A common way of calculating the cosine similarity between text based documents is to calculate tf-idf and then calculating the linear kernel of the tf-idf matrix.
TF-IDF matrix is calculated using TfidfVectorizer().
from sklearn.feature_extraction.text import TfidfVectorizer
tfidf = TfidfVectorizer(stop_words='english')
tfidf_matrix_content = tfidf.fit_transform(article_master['stemmed_content'])
Here article_master is a dataframe containing the text content of all the documents.
As explained by Chris Clark here, TfidfVectorizer produces normalised vectors; hence the linear_kernel results can be used as cosine similarity.

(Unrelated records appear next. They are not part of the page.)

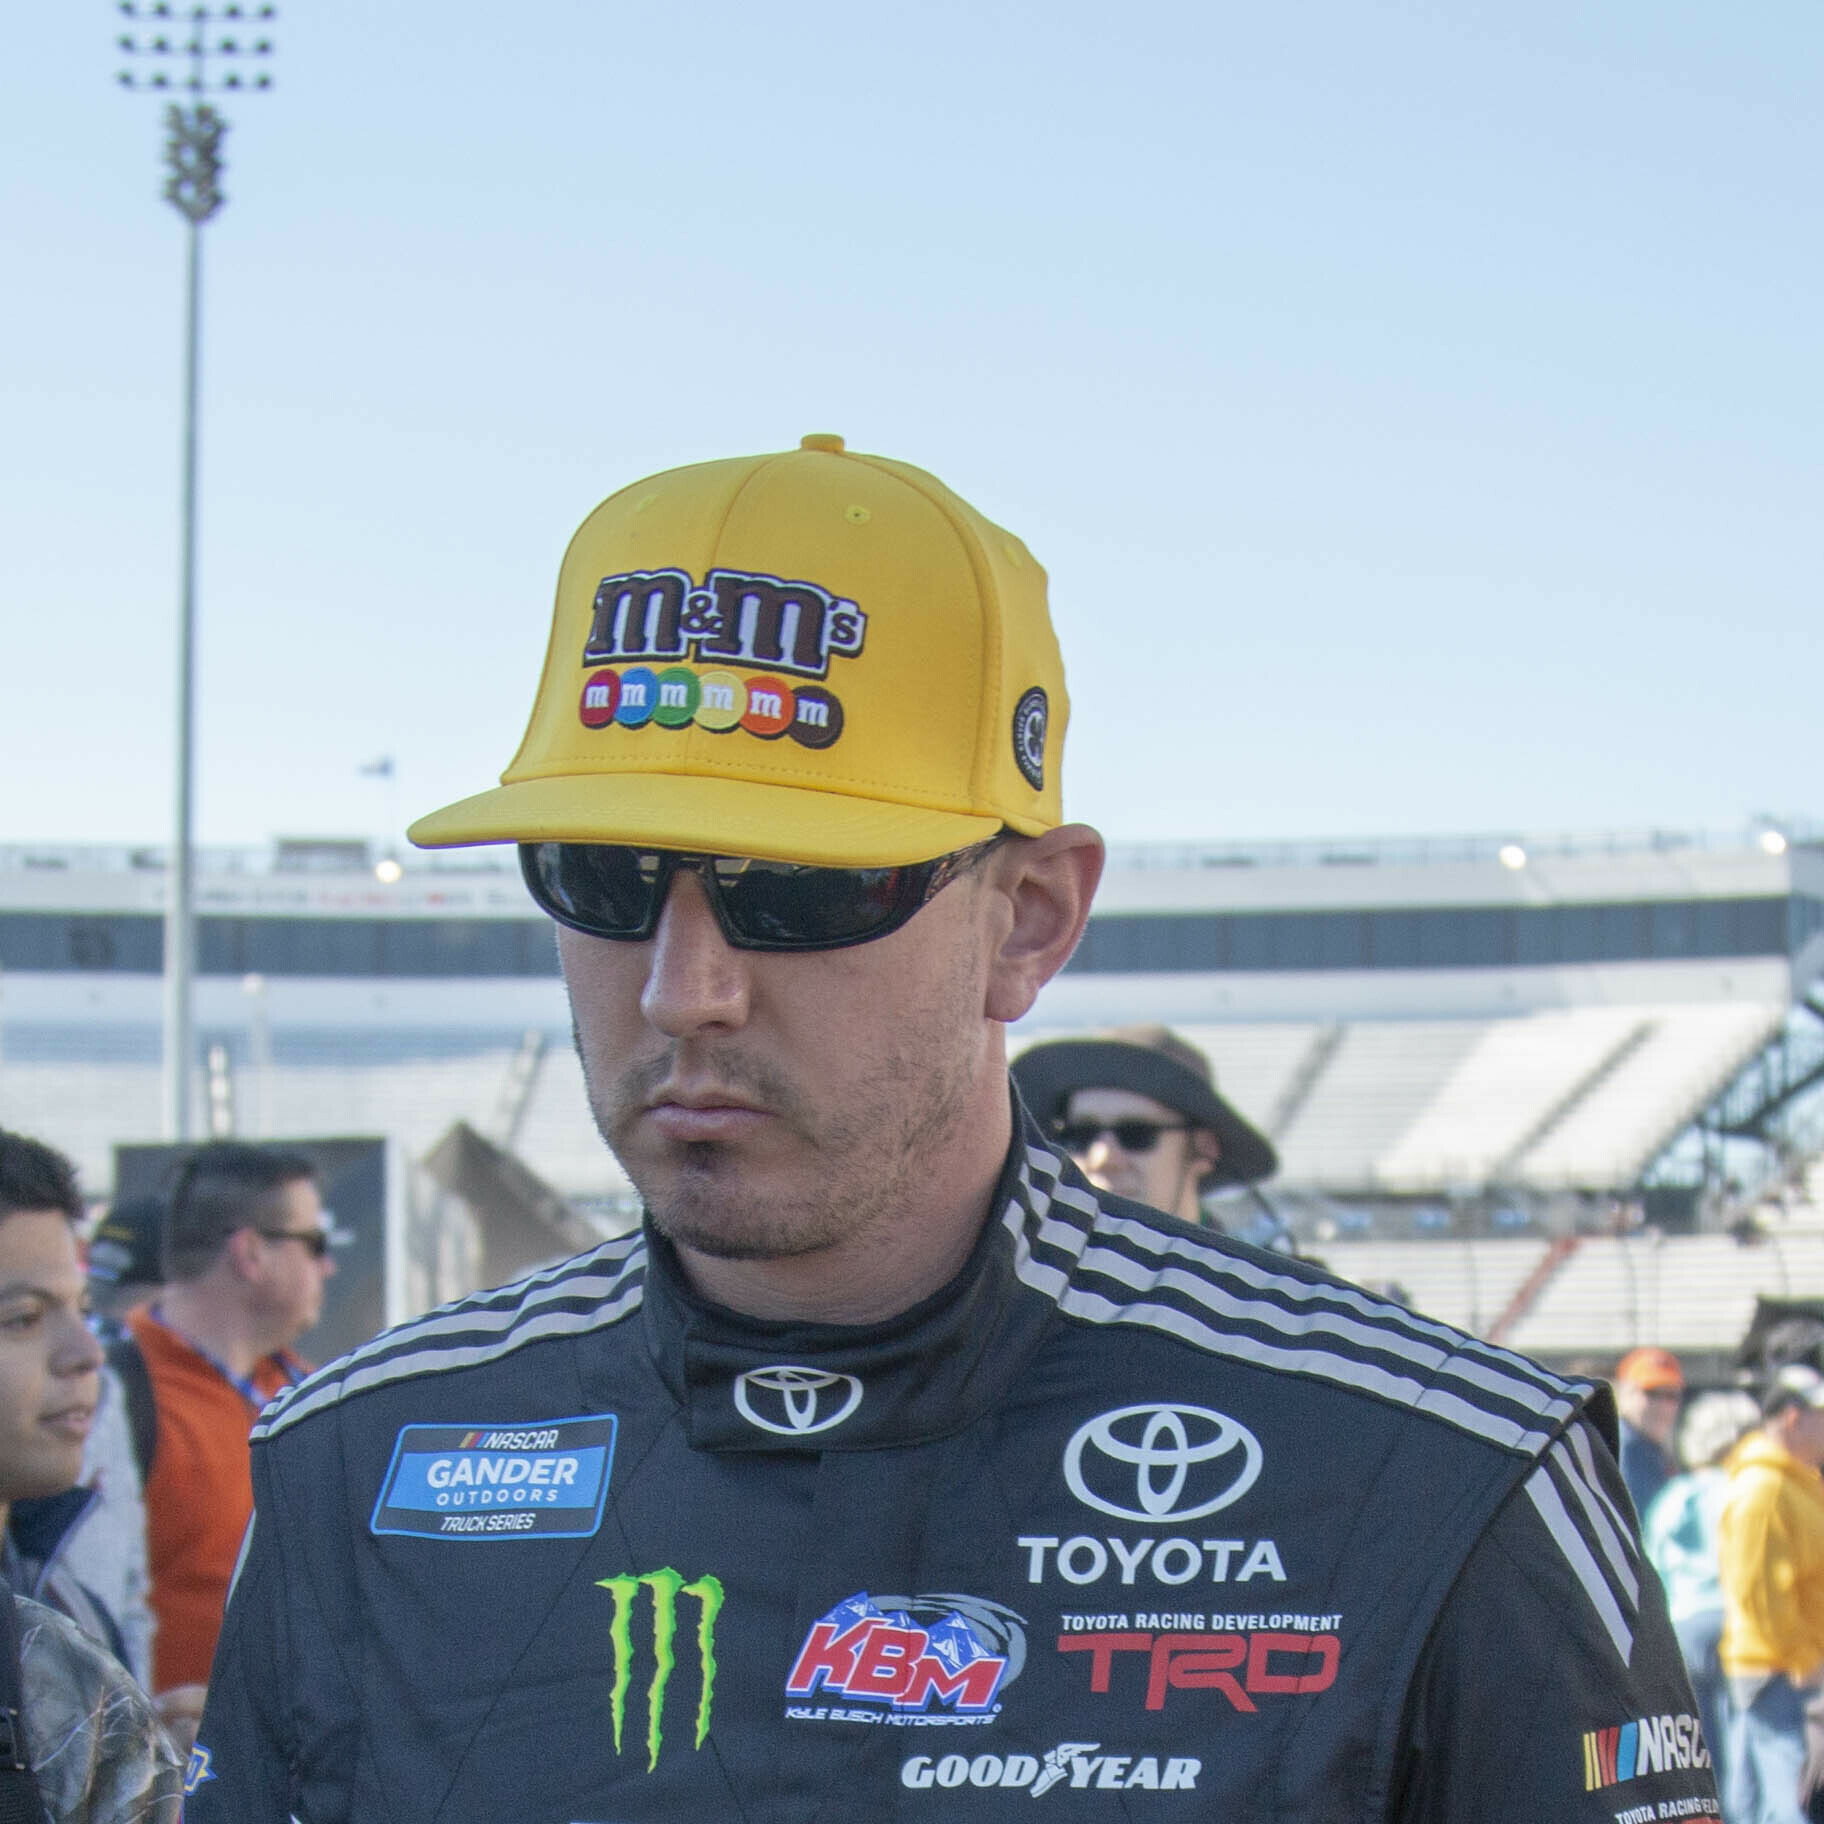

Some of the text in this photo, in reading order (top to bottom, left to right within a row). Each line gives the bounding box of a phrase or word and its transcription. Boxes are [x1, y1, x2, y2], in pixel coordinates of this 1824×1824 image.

[483, 1430, 559, 1450] NASCAR
[427, 1457, 579, 1489] GANDER
[436, 1489, 559, 1506] OUTDOORS
[440, 1513, 537, 1532] TRUCK SERIES
[1018, 1537, 1288, 1585] TOYOTA
[1062, 1613, 1344, 1633] TOYOTA RACING DEVELOPMENT
[786, 1616, 1008, 1713] KBM
[1057, 1633, 1342, 1713] TRD
[785, 1706, 998, 1727] KYLE BUSCH MOTORSPORTS
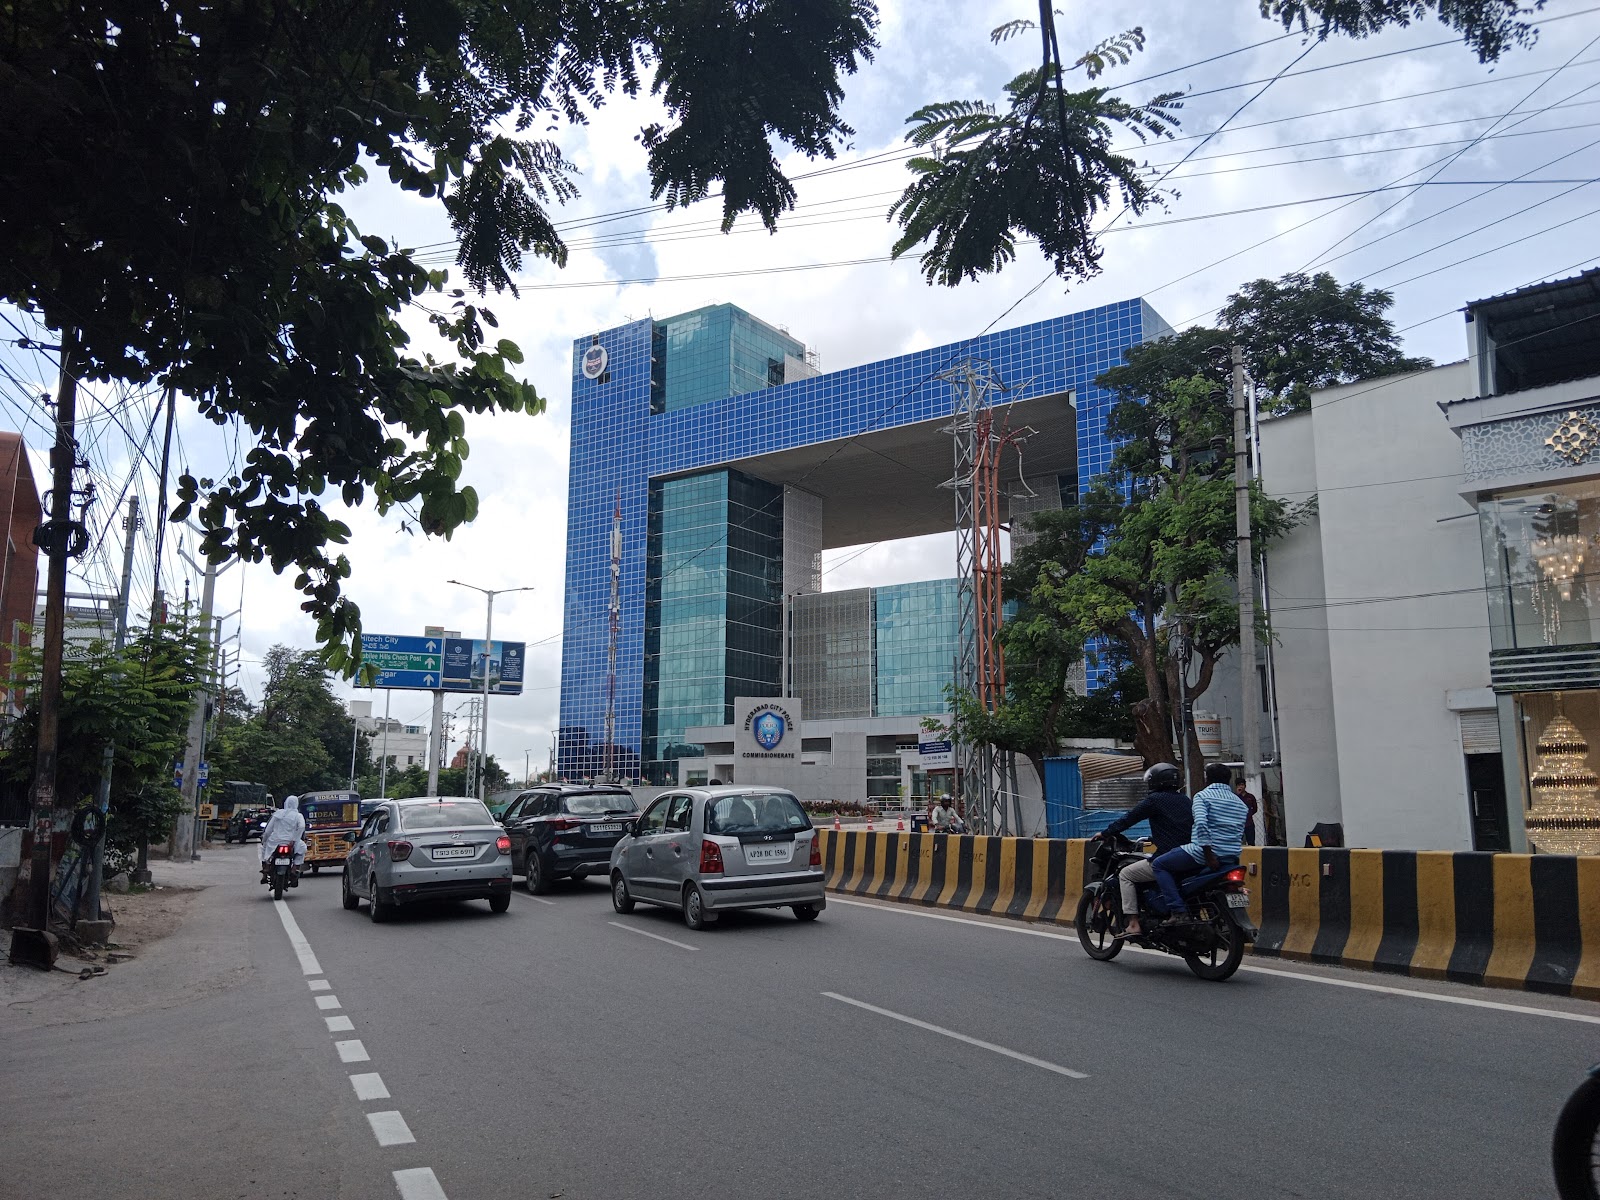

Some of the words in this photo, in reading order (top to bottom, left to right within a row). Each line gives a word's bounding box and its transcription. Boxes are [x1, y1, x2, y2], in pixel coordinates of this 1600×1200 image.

[361, 634, 382, 642] Hitech
[385, 636, 399, 644] City
[744, 704, 769, 731] HYDERABAD
[770, 704, 783, 712] CITY
[782, 710, 793, 731] POLICE

cosine_sim_content = linear_kernel(tfidf_matrix_content, tfidf_matrix_content)
This is where my confusion lies.
Effectively the cosine similarity between 2 vectors is:
InnerProduct(vec1,vec2) / (VectorSize(vec1) * VectorSize(vec2))
Linear kernel calculates the InnerProduct as stated here
So the questions are:
Why am I not divding the inner product with the product of the magnitude of the vectors ?
Why does the normalisation exempt me of this requirement ?
Now if I wanted to calculate ts-ss similarity, could I still use the normalised tf-idf matrix and the cosine values (calculated by linear kernel only) ?